A few posts back I pledged to get this blog moving & write more regularly. Unfortunately fate had other plans for me & dropped a dungball the size of Wembley Stadium on my head from a great height. This isn't really an appropriate forum for my health woes so I'll just say that I've discovered an awful lot about life in the last few months, not least that cancer is not always something that happens to other people. Having spent way too much time around doctors & hospitals, it's a relief to finally be back at home & to get back to listening to some music. So I'll just get on with it.

I love the cover of this record; a frowning Art Blakey looks like he's about to punch someone in the gob (presumably unleashing his fists with a few press rolls & paradiddles). It's an apt photo too because as a drummer he's got an aggressive, raw edge to his playing that seems to propel every track along with its vitality.

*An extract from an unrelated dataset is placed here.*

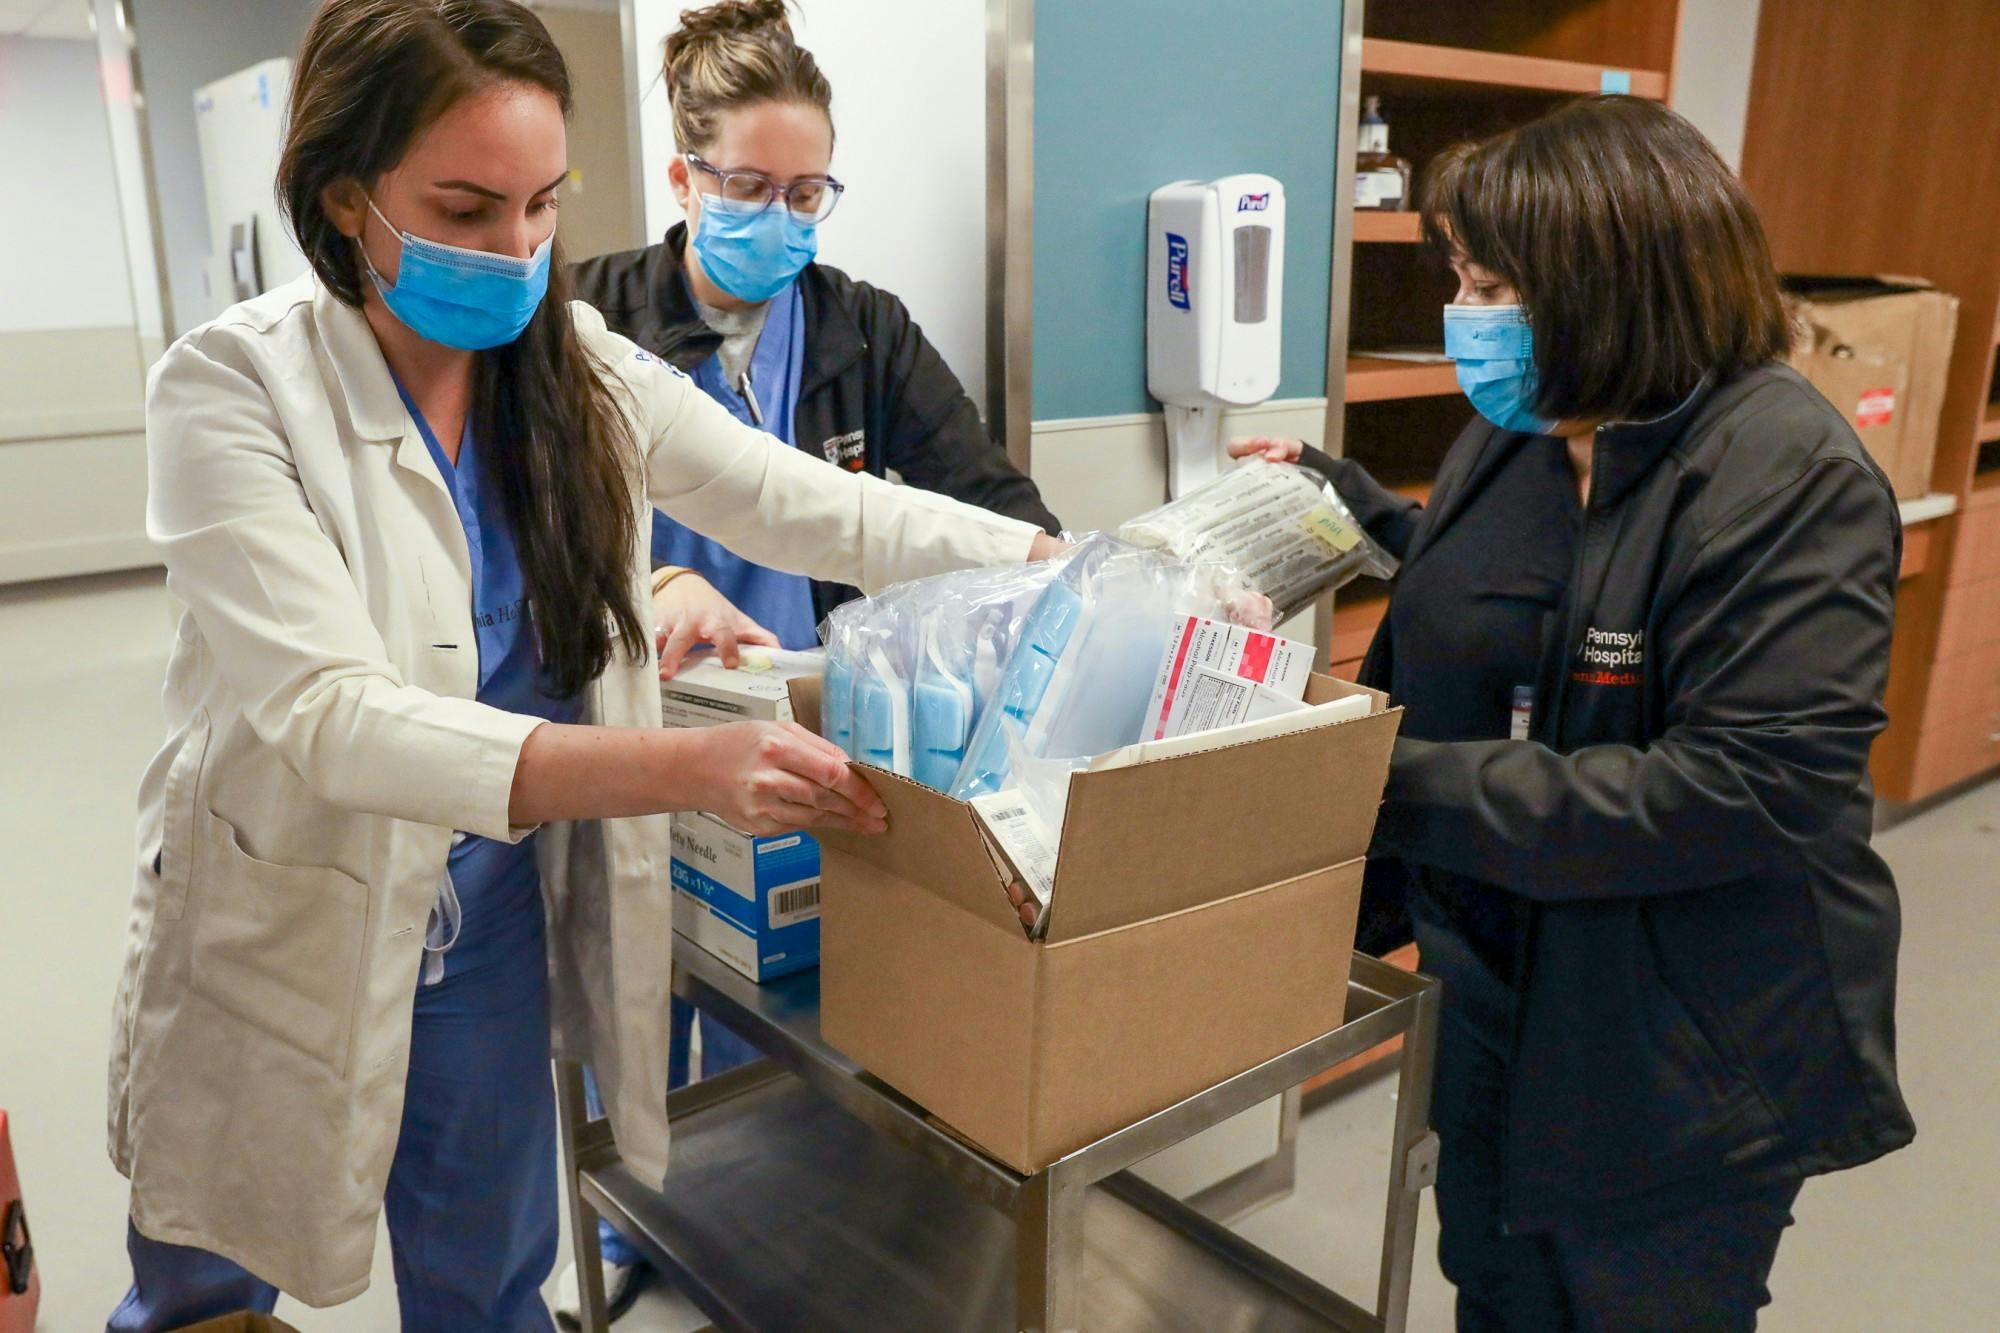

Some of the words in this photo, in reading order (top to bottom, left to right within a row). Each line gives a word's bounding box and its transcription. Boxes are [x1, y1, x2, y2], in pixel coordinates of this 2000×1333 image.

[1239, 193, 1269, 211] Purell
[1170, 241, 1187, 304] Purell
[687, 836, 718, 864] Needle

I already knew Blakey could thump those skins, but I never realised quite what an expressive performer he was too. Listening to the album several times, you start to notice how cleverly his drum rolls punctuate & accentuate the melody lines, subtly steering the songs in whatever direction he wants them to go. It's almost as if his drumsticks are a pair of conductor's batons, lifting & dropping the mood of every track. Such a strong rhythmic emphasis is one of the benefits of having a drummer as bandleader - one of the drawbacks is the rather self-indulgent Drum Thunder Suite; seven & a half minutes of what is essentially drum soloing & showboating with a few other instruments chucked in here & there.

The album rating also suffers a little by the rather odd decision to feature an alternate take of title-track Moanin' right after the original. It is not significantly different & simply disrupts the flow of the record having the 9+ minute long opening-track (good as it is) more or less repeated straight after it has just ended. (I notice in later CD releases this alternate version was shifted to the end of the album which makes a lot more sense).

Those gripes aside, I thoroughly enjoyed this album. I've owned it for several years but, like many of my records, prior to doing this blog I never took the time to listen to the whole thing properly from beginning to end. I'm still slightly puzzled how it came to appear in the (largely rock & pop dominated) Top 1000. I guess part of it is that like Miles Davis' A Kind Of Blue or Coltrane's A Love Supreme, it's regarded by the critical cognoscenti as one of those 'classic' jazz albums that every music fan should own. It certainly introduced two cracking jazz compositions in title-track Moanin' & Along Came Betty and is a very good example of hard-bop's more soulful (and accessible) sound. Personally I think there are better Art Blakey albums out there (Free For All for a start) but Moanin' works well as a starting-point for anyone interested in his music.